Extraction, Transformation and Loading (ETL) is introduced as one of the notable subjects in optimization, management, improvement and acceleration of processes and operations in data bases and data ...warehouses. The creation of ETL processes is potentially one of the greatest tasks of data warehouses and so its production is a time-consuming and complicated procedure. Without optimization of these processes, the implementation of projects in data warehouses area is costly, complicated and time-consuming.

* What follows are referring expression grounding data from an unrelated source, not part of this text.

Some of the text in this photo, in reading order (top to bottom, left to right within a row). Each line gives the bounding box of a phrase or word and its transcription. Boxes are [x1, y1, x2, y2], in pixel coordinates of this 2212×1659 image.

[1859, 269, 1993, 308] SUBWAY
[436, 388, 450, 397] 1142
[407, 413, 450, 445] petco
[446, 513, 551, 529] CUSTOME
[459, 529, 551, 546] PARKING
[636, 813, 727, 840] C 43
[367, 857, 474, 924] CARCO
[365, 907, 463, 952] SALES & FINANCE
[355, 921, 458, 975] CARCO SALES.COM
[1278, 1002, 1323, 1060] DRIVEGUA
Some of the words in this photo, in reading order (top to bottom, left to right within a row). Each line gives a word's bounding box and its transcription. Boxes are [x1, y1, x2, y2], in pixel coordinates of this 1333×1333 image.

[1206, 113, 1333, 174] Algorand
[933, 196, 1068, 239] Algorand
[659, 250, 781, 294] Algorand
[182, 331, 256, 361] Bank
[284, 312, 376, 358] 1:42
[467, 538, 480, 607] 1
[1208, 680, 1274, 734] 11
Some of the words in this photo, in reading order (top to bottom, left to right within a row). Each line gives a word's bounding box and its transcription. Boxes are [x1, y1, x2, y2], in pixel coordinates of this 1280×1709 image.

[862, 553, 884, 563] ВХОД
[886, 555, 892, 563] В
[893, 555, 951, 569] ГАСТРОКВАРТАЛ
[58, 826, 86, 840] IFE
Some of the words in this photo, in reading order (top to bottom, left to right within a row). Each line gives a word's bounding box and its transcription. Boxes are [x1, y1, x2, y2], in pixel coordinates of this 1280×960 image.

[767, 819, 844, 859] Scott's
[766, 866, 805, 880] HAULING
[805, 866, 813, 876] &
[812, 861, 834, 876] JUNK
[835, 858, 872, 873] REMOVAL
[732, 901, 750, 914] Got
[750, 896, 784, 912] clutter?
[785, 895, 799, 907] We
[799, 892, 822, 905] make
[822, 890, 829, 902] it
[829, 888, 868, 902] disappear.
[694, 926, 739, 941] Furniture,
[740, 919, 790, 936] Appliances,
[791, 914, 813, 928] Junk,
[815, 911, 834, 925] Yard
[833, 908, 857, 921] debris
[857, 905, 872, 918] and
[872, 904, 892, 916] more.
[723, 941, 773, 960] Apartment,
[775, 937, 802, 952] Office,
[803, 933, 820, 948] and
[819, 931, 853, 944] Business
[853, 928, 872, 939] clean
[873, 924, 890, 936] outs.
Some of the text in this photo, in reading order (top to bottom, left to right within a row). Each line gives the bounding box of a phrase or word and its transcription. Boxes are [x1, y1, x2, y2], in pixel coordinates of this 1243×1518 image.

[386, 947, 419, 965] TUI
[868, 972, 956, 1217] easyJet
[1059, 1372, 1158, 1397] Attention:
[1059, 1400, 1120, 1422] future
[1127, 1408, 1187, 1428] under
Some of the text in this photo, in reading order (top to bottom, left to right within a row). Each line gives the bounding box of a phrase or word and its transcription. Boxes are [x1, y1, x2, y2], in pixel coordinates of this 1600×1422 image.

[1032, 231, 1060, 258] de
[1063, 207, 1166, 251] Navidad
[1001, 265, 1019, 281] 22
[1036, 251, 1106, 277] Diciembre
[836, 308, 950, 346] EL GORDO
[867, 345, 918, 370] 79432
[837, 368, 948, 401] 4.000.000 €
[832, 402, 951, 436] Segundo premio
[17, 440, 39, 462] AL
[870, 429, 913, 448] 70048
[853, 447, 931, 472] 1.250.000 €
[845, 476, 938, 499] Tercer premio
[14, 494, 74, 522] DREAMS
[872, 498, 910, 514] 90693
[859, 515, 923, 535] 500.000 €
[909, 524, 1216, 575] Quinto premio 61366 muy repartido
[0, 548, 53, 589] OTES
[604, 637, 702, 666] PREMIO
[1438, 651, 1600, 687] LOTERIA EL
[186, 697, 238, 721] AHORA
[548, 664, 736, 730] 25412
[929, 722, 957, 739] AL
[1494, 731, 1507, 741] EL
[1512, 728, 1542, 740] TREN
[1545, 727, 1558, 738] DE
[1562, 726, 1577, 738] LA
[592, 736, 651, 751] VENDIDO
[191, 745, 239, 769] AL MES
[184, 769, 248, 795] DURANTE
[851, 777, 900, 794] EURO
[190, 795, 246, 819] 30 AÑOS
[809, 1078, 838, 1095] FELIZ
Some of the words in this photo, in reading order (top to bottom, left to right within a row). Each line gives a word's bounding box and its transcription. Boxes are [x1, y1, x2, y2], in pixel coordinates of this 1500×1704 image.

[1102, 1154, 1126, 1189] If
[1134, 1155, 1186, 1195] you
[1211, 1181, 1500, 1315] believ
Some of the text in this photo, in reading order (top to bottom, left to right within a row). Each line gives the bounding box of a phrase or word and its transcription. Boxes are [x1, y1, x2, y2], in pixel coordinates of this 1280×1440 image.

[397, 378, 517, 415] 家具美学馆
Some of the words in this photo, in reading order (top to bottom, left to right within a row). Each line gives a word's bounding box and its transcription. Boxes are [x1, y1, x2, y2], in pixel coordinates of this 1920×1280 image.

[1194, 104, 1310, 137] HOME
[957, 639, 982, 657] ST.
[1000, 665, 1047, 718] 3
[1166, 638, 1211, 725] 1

The present paper used the combination of parallelization methods and shared cache memory in systems distributed on the basis of data warehouse. According to the conducted assessment, the proposed method exhibited 7.1% speed improvement to kattle optimization instrument and 7.9% to talend instrument in terms of implementation time of the ETL process. Therefore, parallelization could notably improve the ETL process. It eventually caused the management and integration processes of big data to be implemented in a simple way and with acceptable speed.